Shareholders are advised that during periods of drastic economic or market 
changes, it is possible that the telephone exchange procedures may be 
difficult to implement, although this has not been the case with the Morgan 
Stanley Dean Witter Funds in the past. 

   For further information regarding the Exchange Privilege, shareholders 
should contact their Morgan Stanley Dean Witter Financial Advisor or other 
Selected Broker-Dealer representative or the Transfer Agent. 
    

REDEMPTIONS AND REPURCHASES 
- ----------------------------------------------------------------------------- 

   Redemption. Shares of each Class of the Fund can be redeemed for cash at 
any time at the net asset value per share next determined less the amount of 
any applicable CDSC in the case of Class A, Class B or Class C shares (see 
"Purchase of Fund Shares"). If shares are held in a shareholder's account 
without a share certificate, a written request for redemption sent to the 
Fund's Transfer Agent at P.O. Box 983, Jersey City, NJ 07303 is required. If 
certificates are held by the shareholder, the shares may be redeemed by 
surrendering the certificates with a written request for redemption, along 
with any additional documentation required by the Transfer Agent. 

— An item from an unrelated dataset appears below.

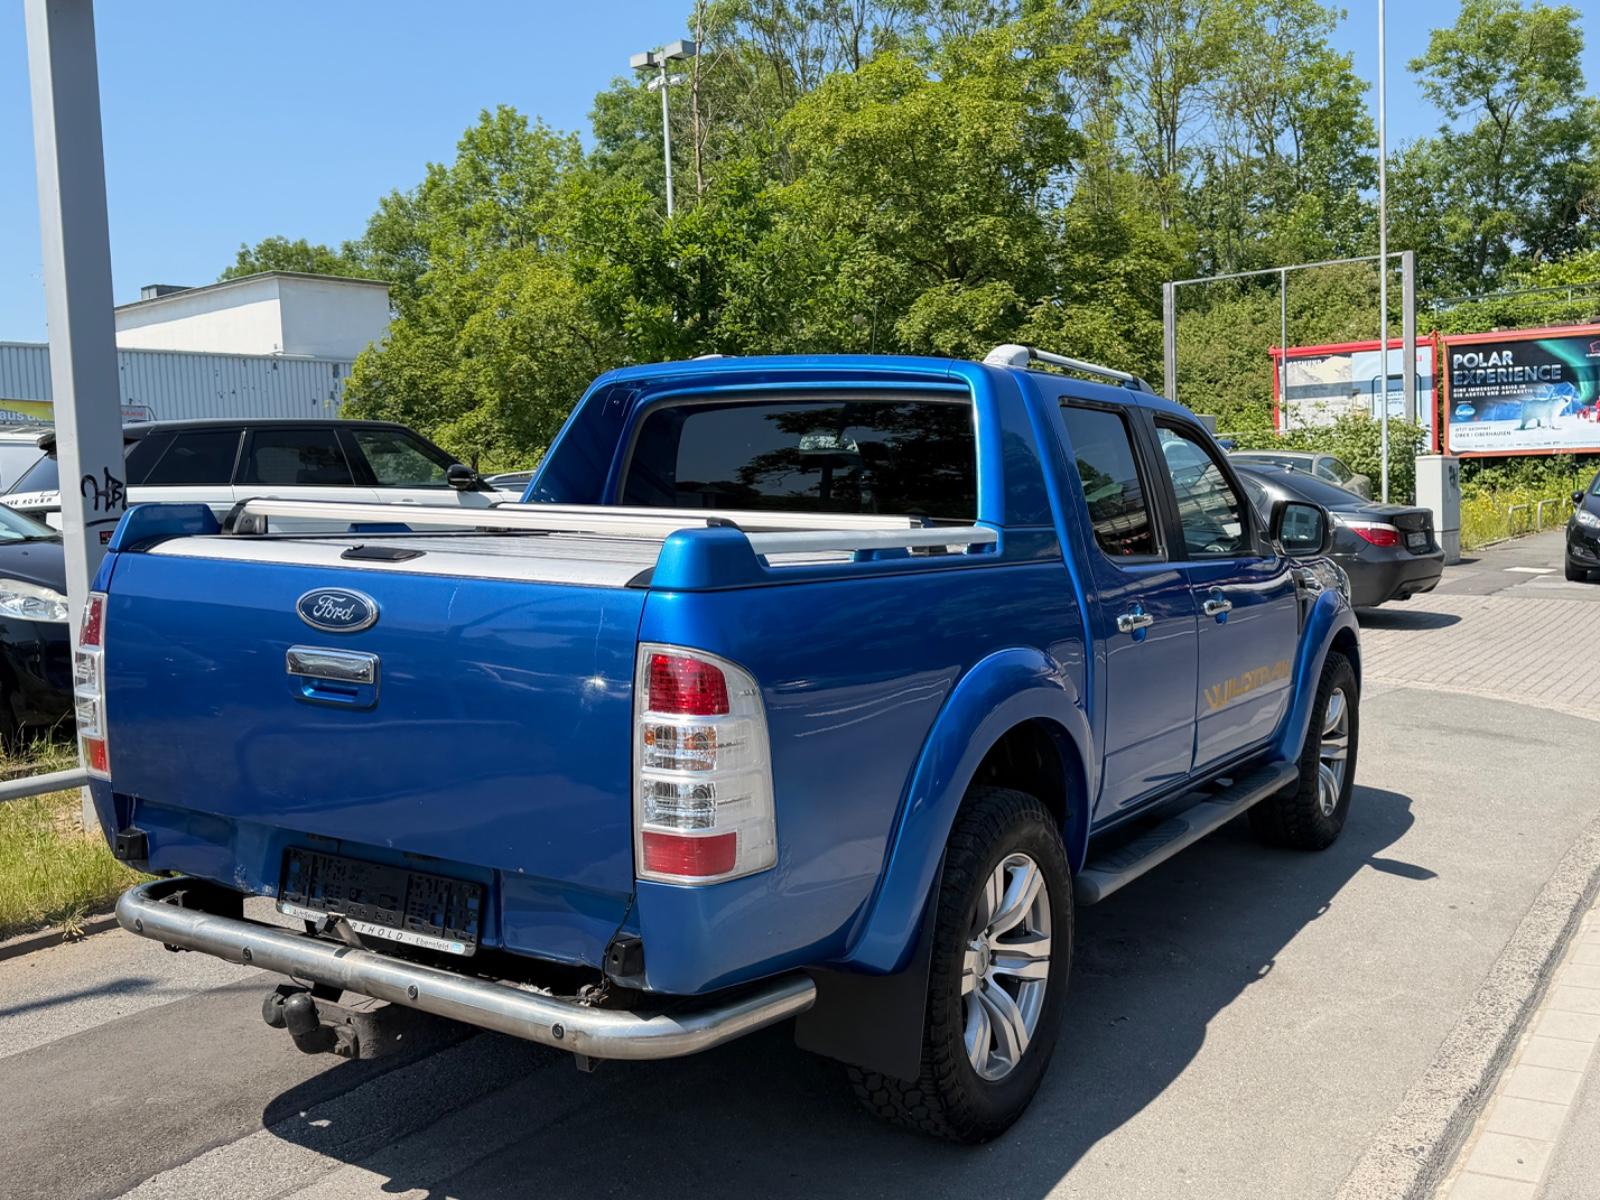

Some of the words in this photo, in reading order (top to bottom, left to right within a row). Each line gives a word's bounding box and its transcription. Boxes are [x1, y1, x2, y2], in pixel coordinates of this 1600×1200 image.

[1453, 350, 1513, 369] POLAR
[1453, 364, 1562, 385] EXPERIENCE
[313, 595, 356, 620] Ford
[351, 921, 404, 941] RTHOLD

   Repurchase. DWR and other Selected Broker-Dealers are authorized to 
repurchase shares represented by a share certificate which is delivered to 
any of their offices. Shares held in a shareholder's account without a share 
certificate may also be repurchased by DWR and other Selected Broker-Dealers 
upon the telephonic request of the shareholder. The repurchase price is the 
net asset value per share next determined (see "Purchase of Fund Shares") 
after such purchase order is received by DWR or other Selected Broker-Dealer, 
reduced by any applicable CDSC. 

   The CDSC, if any, will be the only fee imposed upon repurchase by the Fund 
or the Distributor. The offer by DWR and other Selected Broker-Dealers to 
repurchase shares may be suspended without notice by them at any time. In 
that event, shareholders may redeem their shares through the Fund's Transfer 
Agent as set forth above under "Redemption." 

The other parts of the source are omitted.